Sulla scuola vige solo la politica dei tagli

Giuseppe Caliceti Baobab

Al circolo Gardenia, qualche giorno fa, c’è stato l’incontro più interessante di questa campagna elettorale reggiana: i candidati di tutti i partiti hanno risposto alle stesse domande. Tempo a disposizione: tre minuti. Il direttore del Carlino Reggio ha posto interrogativi di politica nazionale e locale: dalla ormai mitologica Diga di Vetto al fisco, dal fiume Po, al problema del lavoro e del caro bollette. Colpisce che nessun partito abbia pensato prima a qualcosa del genere, neppure alla rinnovata Festa del Pd al Campovolo.

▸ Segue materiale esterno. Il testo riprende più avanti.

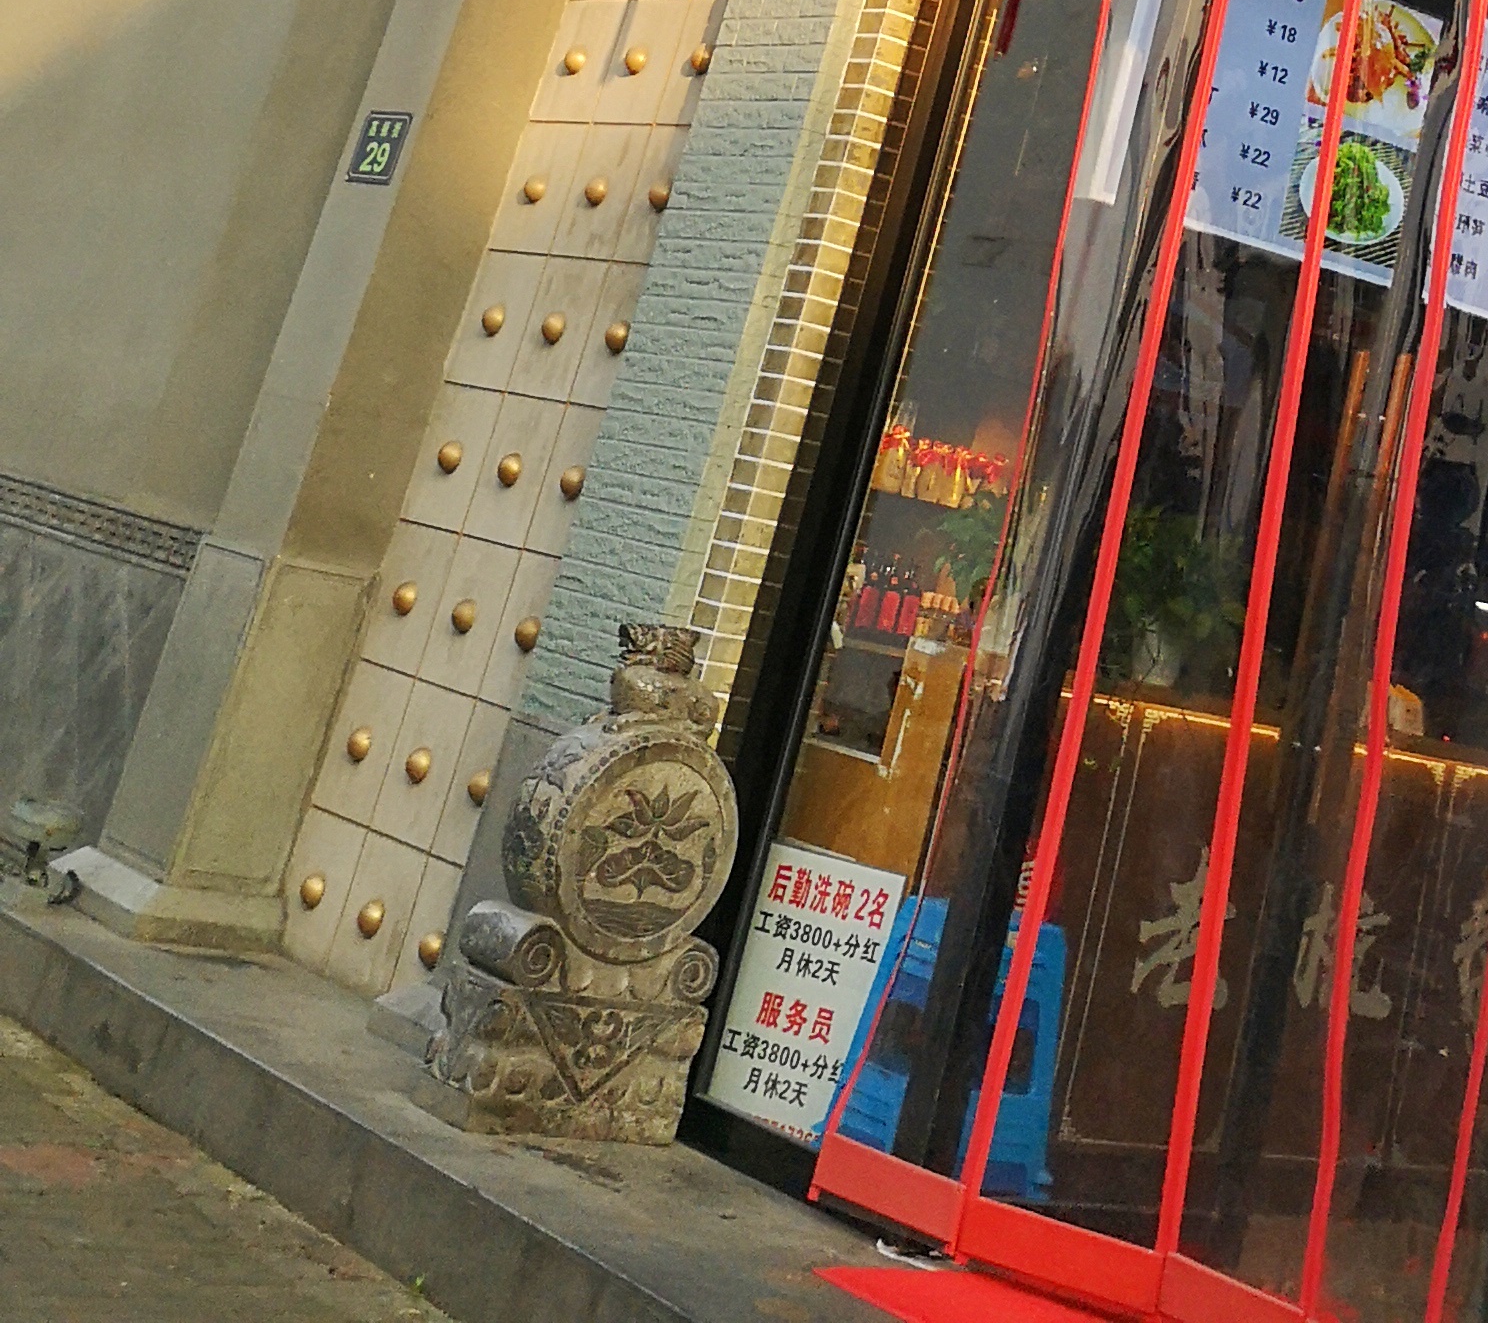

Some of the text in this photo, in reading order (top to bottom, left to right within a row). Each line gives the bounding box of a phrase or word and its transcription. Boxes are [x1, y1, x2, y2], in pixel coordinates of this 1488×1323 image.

[1266, 18, 1297, 43] ¥18
[1258, 60, 1288, 85] ¥12
[1249, 101, 1280, 126] ¥29
[359, 141, 391, 173] 29
[1239, 142, 1271, 168] ¥22
[1231, 186, 1262, 210] ¥22
[767, 864, 889, 930] 后勤洗碗2名
[754, 910, 880, 964] 工资3800+分红
[776, 947, 840, 986] 月休2天
[756, 991, 835, 1045] 服务员
[722, 1028, 845, 1084] 工资3800+分红
[743, 1067, 809, 1108] 月休2天

Ho avuto l’opportunità di fare ai candidati anche una domanda sulla scuola. E’ stato Luigi Berlinguer il primo a parlare di autonomia, di riduzione dei fondi statali e necessità per la scuola pubblica di trovare sul territorio sponsor aziendali. Ma tutti i governi, di centrodestra o centrosinistra, sulla scuola hanno compiuto una progressiva riduzione. Così, non ho chiesto parole o programmi, ma numeri, euro, miliardi da investire sulla scuola pubblica.

Per esempio, nel governo Berlusconi, ministro all’Istruzione Gelmini, sono stati tagliati alla scuola 8 miliardi, di botto, tolti non sostituendo i pensionati con altri neoassunti (150mila docenti). Nella storiella nostra Repubblica, il più grande «licenziamento» mai avvenuto. E non a opera di un privato, ma di una istituzione. Pensate alla mobilitazione per 5mila possibili licenziamenti in Alitalia; per la scuola, silenzio, anche da parte delle famiglie degli studenti.

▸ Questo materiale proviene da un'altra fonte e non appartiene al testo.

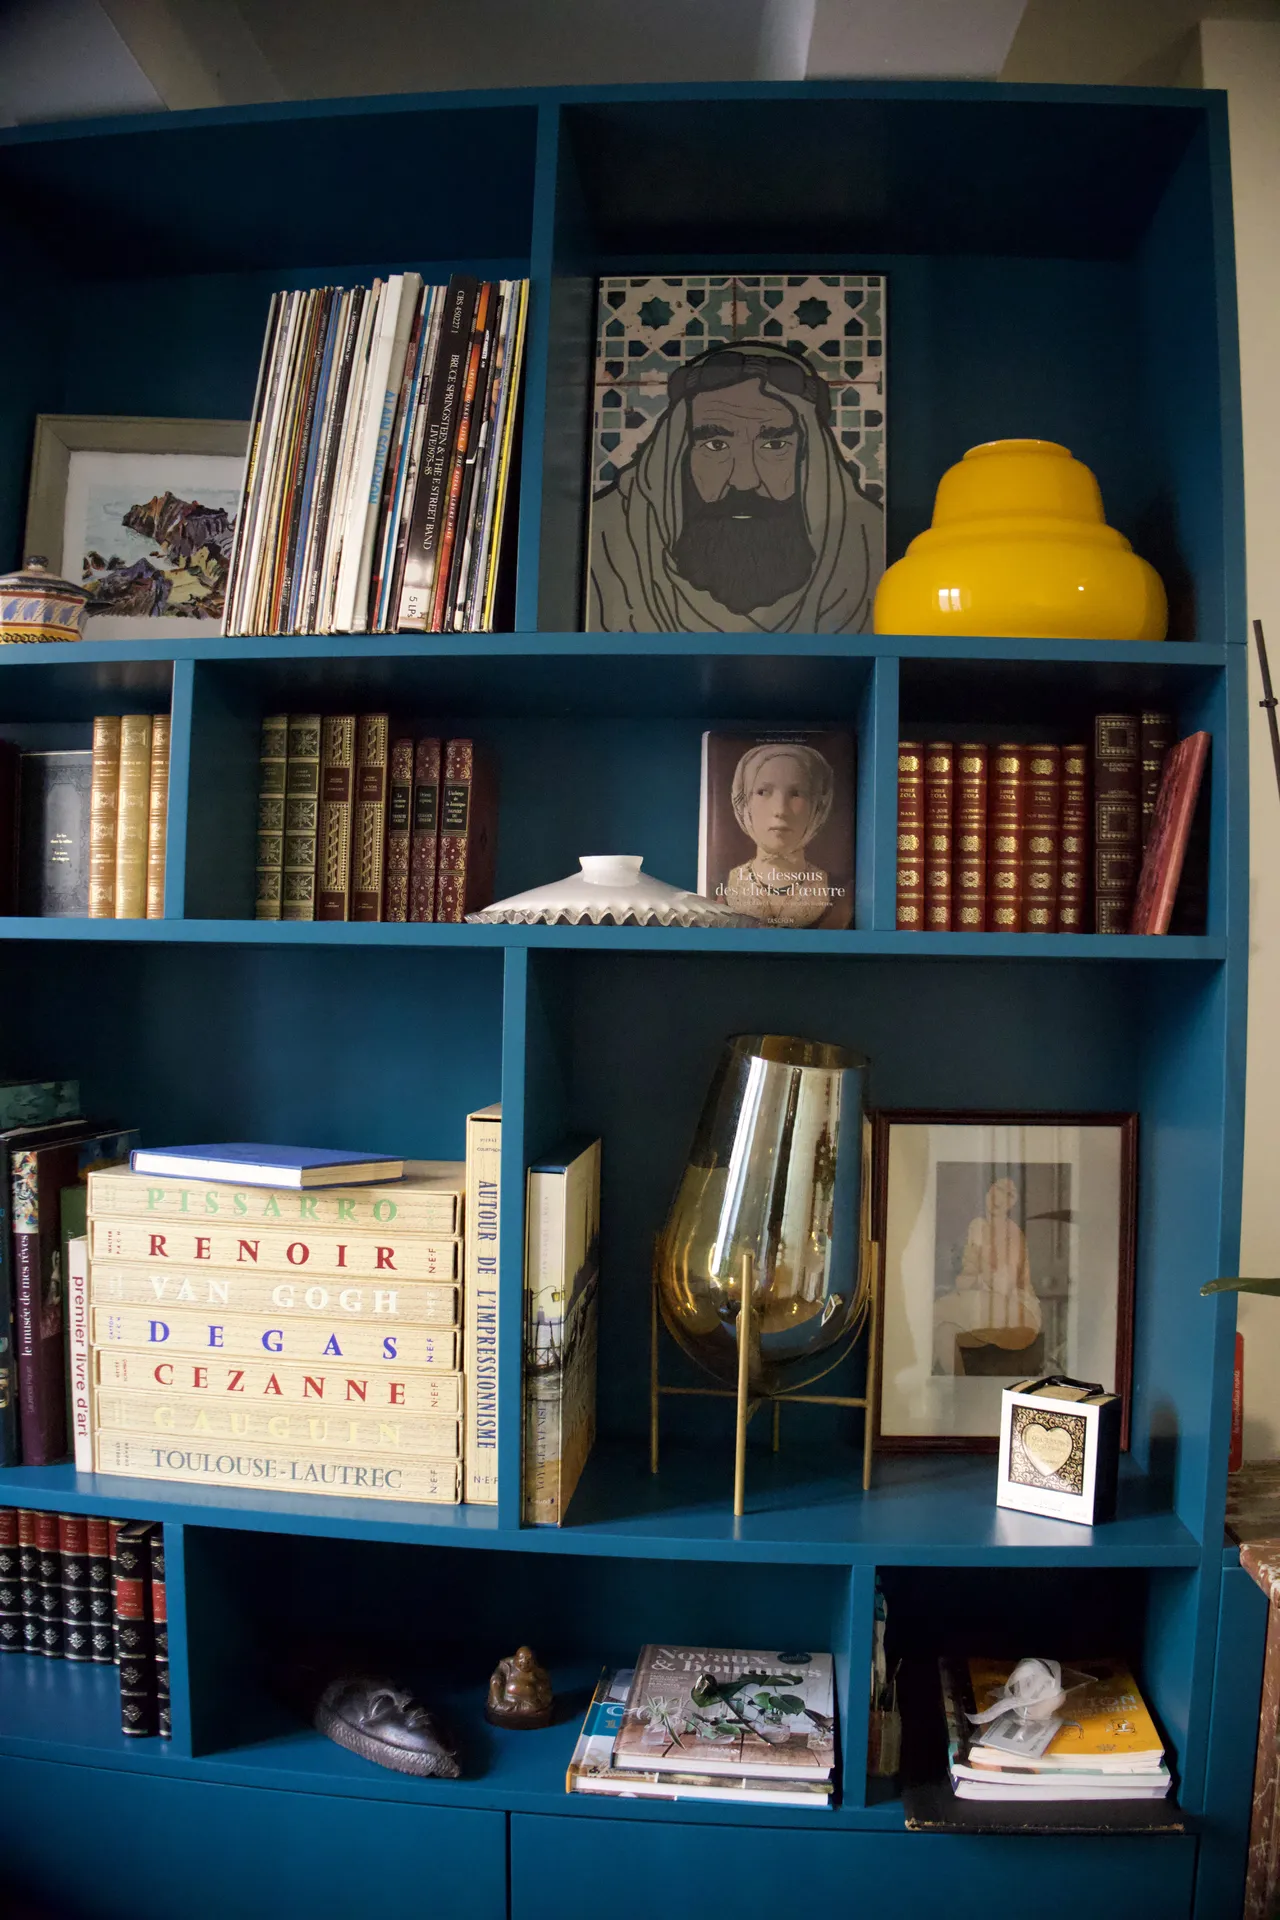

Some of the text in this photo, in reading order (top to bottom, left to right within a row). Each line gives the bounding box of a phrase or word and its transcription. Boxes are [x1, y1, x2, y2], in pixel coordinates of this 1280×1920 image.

[455, 290, 464, 305] CBS
[451, 305, 461, 329] 450227
[446, 353, 459, 383] BRUCE
[437, 383, 454, 445] SPRINGSTEEN
[462, 393, 471, 424] MONKEYS
[368, 389, 396, 504] ALAIN SOUCHON
[435, 446, 444, 455] &
[457, 444, 463, 452] AT
[432, 455, 443, 477] THE
[452, 470, 460, 491] ROYAL
[425, 485, 439, 521] STREET
[448, 493, 456, 518] ALBERT
[421, 523, 433, 550] BAND
[406, 604, 416, 618] LPs
[715, 883, 738, 896] des
[739, 868, 822, 881] Les dessous
[147, 1188, 398, 1223] PISSARRO
[149, 1234, 398, 1271] RENOIR
[18, 1235, 32, 1356] le musée de mes rêves
[149, 1276, 400, 1314] VAN GOGH
[476, 1180, 498, 1449] AUTOUR DE L'IMPRESSIONNISME
[148, 1320, 398, 1360] DEGAS
[72, 1275, 88, 1437] premier livre d'art
[154, 1364, 406, 1406] CEZANNE
[153, 1406, 401, 1446] GAUGUIN
[152, 1448, 402, 1489] TOULOUSE-LAUTREC
[651, 1659, 676, 1672] &

A ogni modo, risposte alle domande pervenute dai candidati?

Poche e vaghe.

Quasi nessuno ha dato numeri.

Nel del centrodestra, c’è chi ha parlato anche di scuola privata; tra quelli di centrosinistra, si è accennato vagamente ad alcuni numeri, – la più generosa è stata Carlotta Bonvicini, anche se ha spiegato che molti fondi sarebbero destinati più all’edilizia scolastica che al resto, cioè a un funzionamento migliore della scuola.

Il rappresentante dei Cinquestelle ha parlato di un piccolo aumento dei fondi nel governo Conte: merito, però, più della pandemia che di una vera visione politica.

C’è anche stata una coraggiosa presa di responsabilità di De Franco, Pd, che ha fatto autocritica – auspicando un rapido superamento della Buona Scuola di renziana memoria.
L’augurio è che, almeno per una volta, il trend verso il basso sia invertito. Magari partendo da una base minima di 8 miliardi, come il taglio inferto nel 2008 dalla Gelmini.

Troppo poco?

Certo. Ma accontentiamoci e andiamo a votare ricordandoci che in tanti Paesi del mondo non esiste la possibilità di esprimersi con un voto libero. E per ottenere questa libertà, e tramandarla a noi, in Italia, sono morti tanti nostri antenati.